TASK STATEMENT:
Each entry has to be given again in its exact wording, and no picture may appear in the result.

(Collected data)
--- --- ---
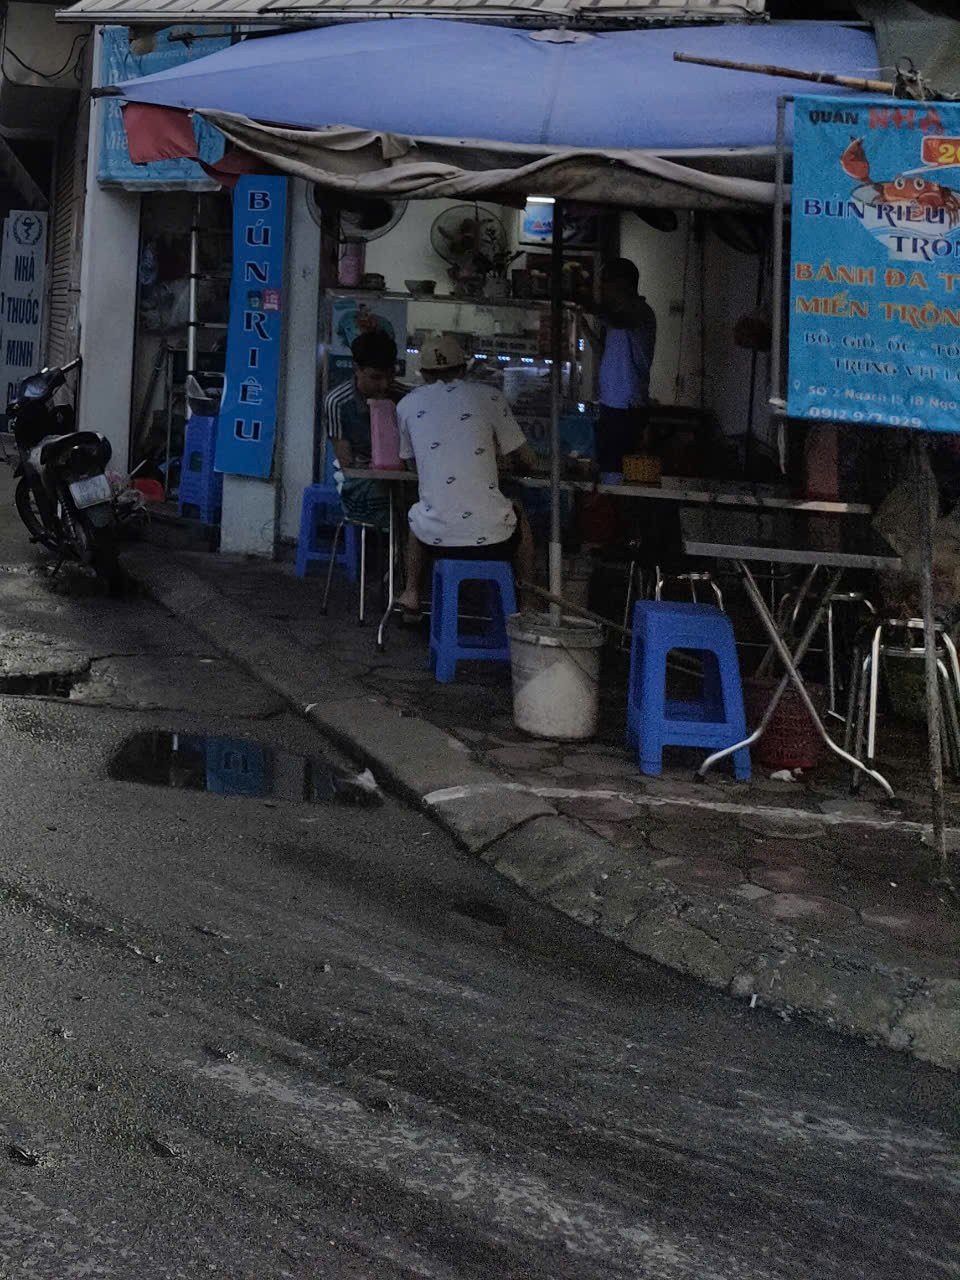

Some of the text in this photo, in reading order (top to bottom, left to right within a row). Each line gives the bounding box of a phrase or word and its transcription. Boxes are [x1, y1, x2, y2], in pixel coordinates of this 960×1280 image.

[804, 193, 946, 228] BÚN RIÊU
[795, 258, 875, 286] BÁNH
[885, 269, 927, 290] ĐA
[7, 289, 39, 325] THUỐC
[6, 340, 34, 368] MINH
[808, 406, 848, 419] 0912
--- --- ---
SOLUTION:
Some of the text in this photo, in reading order (top to bottom, left to right within a row). Each line gives the bounding box of a phrase or word and its transcription. Boxes are [x1, y1, x2, y2], in pixel coordinates of this 960×1280 image.

[804, 193, 946, 228] BÚN RIÊU
[795, 258, 875, 286] BÁNH
[885, 269, 927, 290] ĐA
[7, 289, 39, 325] THUỐC
[6, 340, 34, 368] MINH
[808, 406, 848, 419] 0912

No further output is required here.